Se Corona merita i domiciliari, quanti come lui continuano a restare in carcere?

- di: Diego Minuti
 
Brutta cosa amministrare giustizia. Perché ogni decisione che viene presa rischia di essere male interpretata o, peggio, strumentalizzata. Quindi il massimo rispetto per le persone nelle cui mani il cittadino pone il suo destino, tremando come i quaccheri al cospetto di Dio. Ma ci sono comportamenti di magistrati che stentiamo a riconoscere come frutto di quel senso di equilibrio al quale dovrebbero informare ogni loro azione.

Prendiamo l'ultimo caso, quello di Fabrizio Corona che, dopo avere mobilitato i tanti amici che ancora ha nel mondo della tv e, più in generale dei media, ha evidentemente convinto il giudice di sorveglianza ad accordargli il privilegio della detenzione domiciliare riconoscendolo affetto da qualche patologia che lo rende incompatibile con quella in carcere. Tale decisione è venuta dopo una campagna mediatica portata avanti da Corona e dal suo entourage in cui all'Italia non è stato fatto mancare proprio nulla: bizzarri tentativi di suicidio, attuati con graffietti sulle braccia, simili a quelli che non fanno piangere nemmeno un bimbo che, cadendo, si sbuccia un ginocchio; immagini truculenti del volto insanguinato di Corona (che non è più certo quello di un tempo, in cui trasudava bellezza, per la rabbia della maggioranza degli uomini); annunci di scioperi della fame e di suicidi. Il tutto condito da una azione mediatica parallela affidata alla madre - cui deve andare il massimo rispetto per il dolore che sopporta a causa del figlio - che ha fatto il giro delle trasmissioni televisive che vivono per alimentare la morbosità della gente che ha nella tv la sola campagna.
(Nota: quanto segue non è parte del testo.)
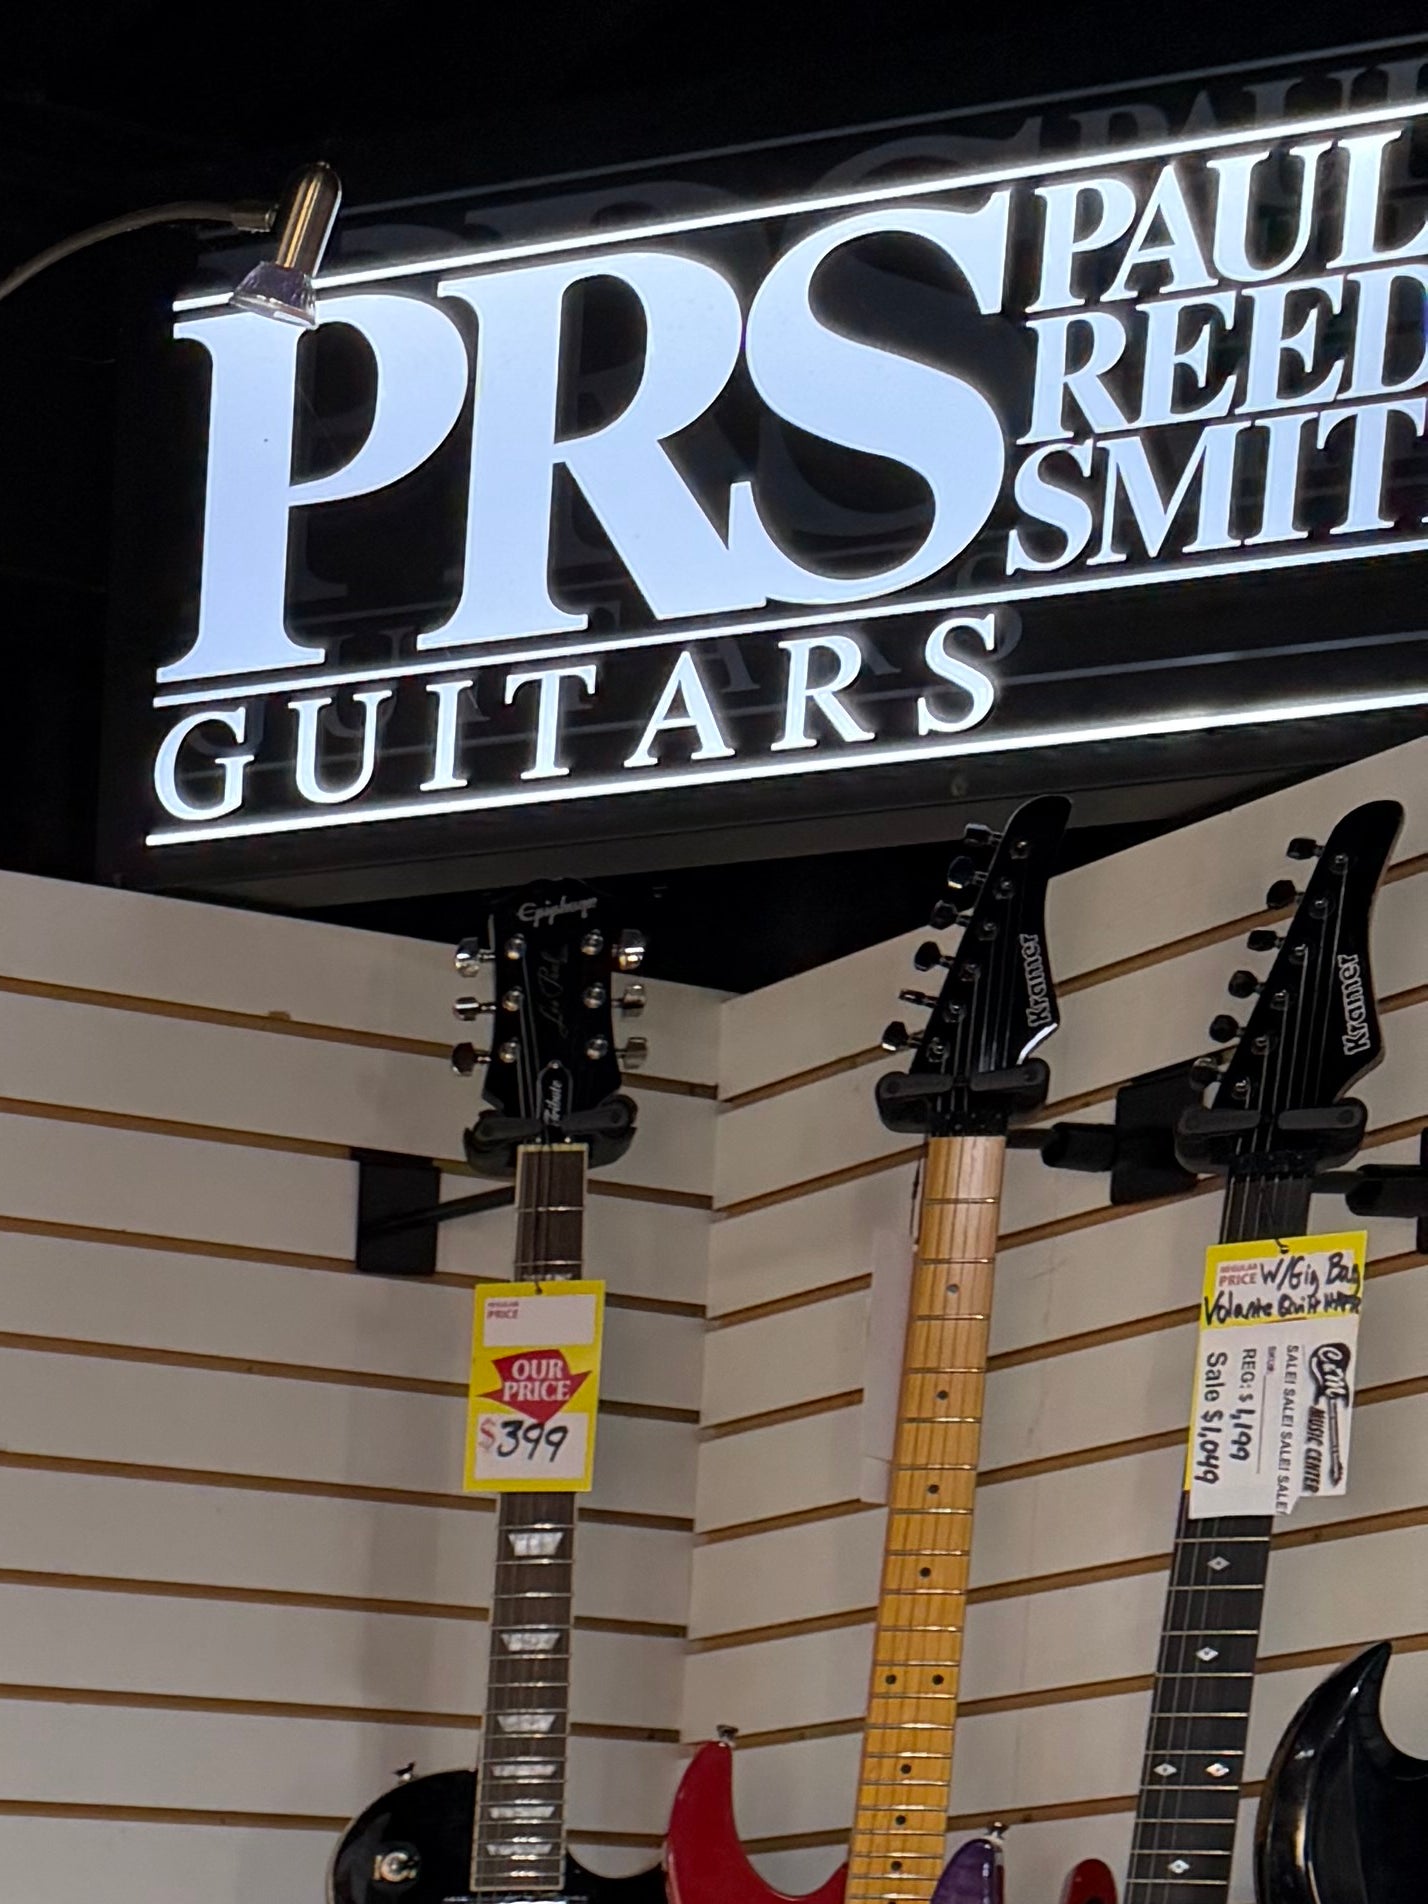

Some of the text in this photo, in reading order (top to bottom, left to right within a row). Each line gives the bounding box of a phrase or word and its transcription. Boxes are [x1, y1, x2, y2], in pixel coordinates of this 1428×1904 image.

Il combinato composto del bad boy e della madre dolente e in lacrime ha evidentemente raggiunto l'obiettivo e Fabrizio Corona è tornato a casa, dove la mamma lo aspettava.
Un percorso di riabilitazione dovrebbe ora aspettare Corona che però, caratterialmente e per sua stessa ammissione, non riesce ad accettare regole. Ma il giudice gli ha concesso fiducia.
C'è però da farsi qualche domanda che riguarda la omogeneità delle decisioni dei magistrati, la loro coerenza, il metro di giudizio che dovrebbe essere coerente. Già, ma come la mettiamo con il pregresso penale di Corona? Con la sua sfrontatezza, il suo narcisismo? Con le tante condanne penali passate in giudicato (e quindi da scontare)? Con la sua (pur breve) latitanza)? Con l'uso delle strumento televisivo per accusare, insultare, minacciare?
Ma qui non stiamo parlando solo di Fabrizio Corona e dei suoi tormenti, dai quali speriamo esca presto, ma dei tanti detenuti italiani che non hanno ricevuto le medesime attenzioni da parte dei magistrati.

Le vicende di Corona - che entra ed esce dalle carceri, dalle cliniche, dalle comunità senza mai dare un segnale di ravvedimento - riguardano solo lui e chi ne decide la sorte.
Ma la stessa attenzione riservata a lui viene fatta valere anche per altri? È questo il punto: se Corona non sapesse scatenare il battage a suo favore ogni volta che finisce nei guai, avrebbe dovuto scontare per intero la somma delle condanne che gli sono state inflitte, fatti salvi i benefici previsti dalla legge. Siamo sicuri che, tra i detenuti italiani, non ce ne siano che hanno la stessa sua condizione e continuano invece a languire in carcere?
Ieri, per raccontarci le prime ore di domiciliari di Corona, la Rai gli ha mandato sotto casa una troupe con tanto di inviato. Per la serie: ma chi se ne frega. Ed invece, la televisione di Stato, che dovrebbe avere anche un fine sociale, educativo, tra le tante amenità che ci somministra (tra bambine rapite, mariti omicidi, mogli assassine...), ci ha riservato anche le informazioni sul Silvio Pellico di Milano.